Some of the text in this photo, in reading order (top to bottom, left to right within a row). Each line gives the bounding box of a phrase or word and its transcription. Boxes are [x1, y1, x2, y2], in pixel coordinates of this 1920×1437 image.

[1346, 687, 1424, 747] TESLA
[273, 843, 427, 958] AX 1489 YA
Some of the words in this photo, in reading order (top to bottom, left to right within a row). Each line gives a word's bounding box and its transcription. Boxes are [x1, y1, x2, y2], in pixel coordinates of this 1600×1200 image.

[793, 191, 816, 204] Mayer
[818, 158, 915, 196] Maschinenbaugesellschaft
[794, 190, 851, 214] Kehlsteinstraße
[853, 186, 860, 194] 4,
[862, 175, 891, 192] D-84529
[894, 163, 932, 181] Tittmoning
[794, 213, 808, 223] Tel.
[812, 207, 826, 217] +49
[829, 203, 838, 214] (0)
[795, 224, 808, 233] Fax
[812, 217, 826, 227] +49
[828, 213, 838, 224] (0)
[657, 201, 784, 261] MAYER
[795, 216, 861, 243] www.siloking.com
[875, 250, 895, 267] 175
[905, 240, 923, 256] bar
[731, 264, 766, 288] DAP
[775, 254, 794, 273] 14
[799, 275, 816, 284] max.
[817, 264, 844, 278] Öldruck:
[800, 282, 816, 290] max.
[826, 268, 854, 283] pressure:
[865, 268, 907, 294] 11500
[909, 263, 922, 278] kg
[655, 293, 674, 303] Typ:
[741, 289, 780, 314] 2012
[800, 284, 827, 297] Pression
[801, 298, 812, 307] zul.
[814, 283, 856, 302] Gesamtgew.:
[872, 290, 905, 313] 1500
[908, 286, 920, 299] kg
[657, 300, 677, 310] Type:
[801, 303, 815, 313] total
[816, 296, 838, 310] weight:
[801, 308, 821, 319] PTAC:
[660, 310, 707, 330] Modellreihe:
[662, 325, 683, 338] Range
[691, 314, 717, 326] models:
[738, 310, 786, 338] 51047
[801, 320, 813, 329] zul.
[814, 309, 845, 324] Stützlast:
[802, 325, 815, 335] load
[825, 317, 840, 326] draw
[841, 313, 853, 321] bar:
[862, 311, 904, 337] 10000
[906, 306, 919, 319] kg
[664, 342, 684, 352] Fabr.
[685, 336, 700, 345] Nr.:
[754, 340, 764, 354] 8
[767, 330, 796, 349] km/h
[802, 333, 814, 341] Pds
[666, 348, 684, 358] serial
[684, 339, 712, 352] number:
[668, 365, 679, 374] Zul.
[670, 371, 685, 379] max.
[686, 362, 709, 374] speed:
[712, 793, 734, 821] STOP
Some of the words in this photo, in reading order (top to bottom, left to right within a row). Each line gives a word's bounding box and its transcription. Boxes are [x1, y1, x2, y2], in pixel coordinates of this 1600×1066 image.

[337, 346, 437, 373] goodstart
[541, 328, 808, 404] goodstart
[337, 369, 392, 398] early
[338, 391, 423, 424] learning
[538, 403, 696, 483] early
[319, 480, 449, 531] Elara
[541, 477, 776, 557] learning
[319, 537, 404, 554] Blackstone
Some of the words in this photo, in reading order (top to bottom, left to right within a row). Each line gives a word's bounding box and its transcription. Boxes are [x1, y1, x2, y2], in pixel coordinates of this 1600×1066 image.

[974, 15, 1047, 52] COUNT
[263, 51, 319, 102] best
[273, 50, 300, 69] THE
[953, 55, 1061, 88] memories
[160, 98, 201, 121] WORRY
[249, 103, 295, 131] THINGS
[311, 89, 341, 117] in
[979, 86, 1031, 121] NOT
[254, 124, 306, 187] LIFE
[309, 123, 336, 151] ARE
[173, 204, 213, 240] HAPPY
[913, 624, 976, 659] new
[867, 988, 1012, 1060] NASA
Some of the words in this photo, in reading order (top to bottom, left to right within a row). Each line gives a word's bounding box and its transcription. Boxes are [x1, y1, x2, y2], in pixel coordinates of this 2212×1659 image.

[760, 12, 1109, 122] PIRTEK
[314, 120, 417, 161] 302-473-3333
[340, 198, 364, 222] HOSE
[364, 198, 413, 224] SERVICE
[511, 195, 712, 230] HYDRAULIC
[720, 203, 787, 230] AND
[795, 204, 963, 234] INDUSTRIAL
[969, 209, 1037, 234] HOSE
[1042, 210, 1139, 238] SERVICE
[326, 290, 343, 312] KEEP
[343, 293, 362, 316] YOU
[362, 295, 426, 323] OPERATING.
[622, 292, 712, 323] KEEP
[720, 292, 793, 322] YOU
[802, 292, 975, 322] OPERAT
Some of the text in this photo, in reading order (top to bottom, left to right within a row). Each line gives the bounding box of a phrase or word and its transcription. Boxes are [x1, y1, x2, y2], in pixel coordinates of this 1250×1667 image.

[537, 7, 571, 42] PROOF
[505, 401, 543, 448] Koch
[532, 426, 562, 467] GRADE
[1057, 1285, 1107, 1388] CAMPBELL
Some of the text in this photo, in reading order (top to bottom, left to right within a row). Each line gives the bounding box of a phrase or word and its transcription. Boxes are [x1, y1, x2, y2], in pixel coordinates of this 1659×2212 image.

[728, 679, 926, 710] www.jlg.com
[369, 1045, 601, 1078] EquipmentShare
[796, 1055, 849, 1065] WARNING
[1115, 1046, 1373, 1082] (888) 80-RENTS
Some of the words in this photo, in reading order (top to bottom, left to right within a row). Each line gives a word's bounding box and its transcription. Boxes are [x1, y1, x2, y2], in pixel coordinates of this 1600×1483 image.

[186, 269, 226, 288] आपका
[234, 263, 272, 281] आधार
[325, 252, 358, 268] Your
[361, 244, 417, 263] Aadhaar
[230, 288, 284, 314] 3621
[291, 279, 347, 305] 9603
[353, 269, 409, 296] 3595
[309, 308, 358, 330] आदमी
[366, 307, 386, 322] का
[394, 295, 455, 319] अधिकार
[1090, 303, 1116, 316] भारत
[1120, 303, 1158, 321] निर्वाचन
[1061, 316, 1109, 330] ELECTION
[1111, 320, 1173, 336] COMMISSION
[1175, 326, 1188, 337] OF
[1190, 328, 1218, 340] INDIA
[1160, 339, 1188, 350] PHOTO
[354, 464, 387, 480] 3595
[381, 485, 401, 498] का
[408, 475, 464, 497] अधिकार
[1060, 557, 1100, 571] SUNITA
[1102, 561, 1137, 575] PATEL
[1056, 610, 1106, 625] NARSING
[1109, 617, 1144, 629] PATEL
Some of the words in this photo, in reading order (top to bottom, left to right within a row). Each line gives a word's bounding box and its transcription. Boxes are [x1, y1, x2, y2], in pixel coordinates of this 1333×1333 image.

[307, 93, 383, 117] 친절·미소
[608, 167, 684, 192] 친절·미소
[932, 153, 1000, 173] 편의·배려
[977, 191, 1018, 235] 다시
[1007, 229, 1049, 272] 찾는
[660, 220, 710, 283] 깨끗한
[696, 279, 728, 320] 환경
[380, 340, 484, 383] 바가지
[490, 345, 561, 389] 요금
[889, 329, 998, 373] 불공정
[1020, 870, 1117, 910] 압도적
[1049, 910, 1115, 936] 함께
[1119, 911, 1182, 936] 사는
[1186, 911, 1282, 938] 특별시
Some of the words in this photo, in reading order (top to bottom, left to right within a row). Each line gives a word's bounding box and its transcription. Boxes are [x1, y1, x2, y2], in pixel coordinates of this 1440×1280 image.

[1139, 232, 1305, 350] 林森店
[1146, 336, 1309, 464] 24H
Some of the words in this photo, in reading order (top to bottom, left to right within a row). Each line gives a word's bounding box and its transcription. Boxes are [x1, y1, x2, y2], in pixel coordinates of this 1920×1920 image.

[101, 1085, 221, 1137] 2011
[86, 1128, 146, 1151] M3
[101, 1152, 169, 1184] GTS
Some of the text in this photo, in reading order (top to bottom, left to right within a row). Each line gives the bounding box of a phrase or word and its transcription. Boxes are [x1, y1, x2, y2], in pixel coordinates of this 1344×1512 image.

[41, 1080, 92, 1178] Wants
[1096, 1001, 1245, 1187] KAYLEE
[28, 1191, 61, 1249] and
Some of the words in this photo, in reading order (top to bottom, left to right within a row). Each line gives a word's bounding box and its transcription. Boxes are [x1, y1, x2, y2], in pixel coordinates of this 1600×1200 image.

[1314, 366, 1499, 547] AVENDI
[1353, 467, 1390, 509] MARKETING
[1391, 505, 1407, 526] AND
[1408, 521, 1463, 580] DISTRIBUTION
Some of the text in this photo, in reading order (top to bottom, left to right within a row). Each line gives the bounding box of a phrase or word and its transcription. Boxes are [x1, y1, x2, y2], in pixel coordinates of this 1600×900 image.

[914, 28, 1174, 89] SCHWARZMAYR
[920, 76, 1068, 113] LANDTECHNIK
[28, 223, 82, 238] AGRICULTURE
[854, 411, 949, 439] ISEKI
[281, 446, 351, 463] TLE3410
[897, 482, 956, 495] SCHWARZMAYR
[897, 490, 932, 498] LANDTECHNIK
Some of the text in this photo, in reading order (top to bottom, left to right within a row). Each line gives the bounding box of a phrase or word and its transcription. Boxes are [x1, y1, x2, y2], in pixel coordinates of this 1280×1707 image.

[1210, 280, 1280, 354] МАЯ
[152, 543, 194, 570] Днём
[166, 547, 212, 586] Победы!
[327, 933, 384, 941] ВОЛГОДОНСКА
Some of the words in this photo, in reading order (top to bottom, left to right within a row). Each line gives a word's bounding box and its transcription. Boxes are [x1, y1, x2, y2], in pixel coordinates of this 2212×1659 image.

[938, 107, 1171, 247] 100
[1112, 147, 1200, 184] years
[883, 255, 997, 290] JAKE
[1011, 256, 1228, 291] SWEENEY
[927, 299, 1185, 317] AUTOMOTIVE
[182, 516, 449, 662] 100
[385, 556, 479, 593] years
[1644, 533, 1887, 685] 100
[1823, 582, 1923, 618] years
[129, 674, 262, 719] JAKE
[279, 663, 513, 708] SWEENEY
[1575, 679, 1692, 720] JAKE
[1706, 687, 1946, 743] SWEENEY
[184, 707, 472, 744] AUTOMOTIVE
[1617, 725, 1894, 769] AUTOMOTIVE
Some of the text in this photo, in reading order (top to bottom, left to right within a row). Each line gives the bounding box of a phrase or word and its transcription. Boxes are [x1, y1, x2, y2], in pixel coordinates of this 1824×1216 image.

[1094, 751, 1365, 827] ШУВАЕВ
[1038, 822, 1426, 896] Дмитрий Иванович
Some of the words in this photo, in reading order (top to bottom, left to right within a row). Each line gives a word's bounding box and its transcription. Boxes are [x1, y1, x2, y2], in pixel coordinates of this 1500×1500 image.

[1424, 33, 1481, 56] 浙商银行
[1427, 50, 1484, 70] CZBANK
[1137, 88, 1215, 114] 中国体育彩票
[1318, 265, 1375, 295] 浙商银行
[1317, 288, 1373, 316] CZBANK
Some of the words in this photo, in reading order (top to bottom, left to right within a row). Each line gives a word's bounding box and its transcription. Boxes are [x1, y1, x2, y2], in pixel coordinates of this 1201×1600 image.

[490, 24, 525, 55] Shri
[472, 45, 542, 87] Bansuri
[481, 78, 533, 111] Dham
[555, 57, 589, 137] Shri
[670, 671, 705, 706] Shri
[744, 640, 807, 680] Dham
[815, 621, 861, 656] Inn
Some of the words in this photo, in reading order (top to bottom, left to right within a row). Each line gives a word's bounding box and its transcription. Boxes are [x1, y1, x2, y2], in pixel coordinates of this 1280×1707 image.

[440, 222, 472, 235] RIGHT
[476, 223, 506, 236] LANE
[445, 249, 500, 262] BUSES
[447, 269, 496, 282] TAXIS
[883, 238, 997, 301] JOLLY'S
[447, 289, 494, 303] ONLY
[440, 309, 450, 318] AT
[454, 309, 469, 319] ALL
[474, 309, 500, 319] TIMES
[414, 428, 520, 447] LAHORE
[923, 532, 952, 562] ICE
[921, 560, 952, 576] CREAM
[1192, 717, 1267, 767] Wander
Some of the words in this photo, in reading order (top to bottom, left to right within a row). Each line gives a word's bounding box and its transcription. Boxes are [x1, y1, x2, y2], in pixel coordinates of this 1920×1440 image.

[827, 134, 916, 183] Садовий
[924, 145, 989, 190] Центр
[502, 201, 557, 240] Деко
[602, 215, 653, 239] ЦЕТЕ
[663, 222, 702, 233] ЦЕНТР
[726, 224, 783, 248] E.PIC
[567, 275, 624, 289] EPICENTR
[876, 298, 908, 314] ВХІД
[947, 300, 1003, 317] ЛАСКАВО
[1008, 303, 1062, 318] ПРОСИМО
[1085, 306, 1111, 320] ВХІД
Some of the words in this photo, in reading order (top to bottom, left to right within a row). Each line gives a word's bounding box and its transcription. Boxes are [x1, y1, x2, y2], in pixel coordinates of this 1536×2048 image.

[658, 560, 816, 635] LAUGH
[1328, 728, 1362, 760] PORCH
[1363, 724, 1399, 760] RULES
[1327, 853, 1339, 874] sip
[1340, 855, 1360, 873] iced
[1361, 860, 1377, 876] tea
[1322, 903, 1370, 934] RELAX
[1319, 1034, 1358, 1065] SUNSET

- **Work order**: After locating the line containing "this 1536×2048 image.", give that line and every later line of the listing again exactly, up to and including the last.

- **Problem solution**:
Some of the words in this photo, in reading order (top to bottom, left to right within a row). Each line gives a word's bounding box and its transcription. Boxes are [x1, y1, x2, y2], in pixel coordinates of this 1536×2048 image.

[658, 560, 816, 635] LAUGH
[1328, 728, 1362, 760] PORCH
[1363, 724, 1399, 760] RULES
[1327, 853, 1339, 874] sip
[1340, 855, 1360, 873] iced
[1361, 860, 1377, 876] tea
[1322, 903, 1370, 934] RELAX
[1319, 1034, 1358, 1065] SUNSET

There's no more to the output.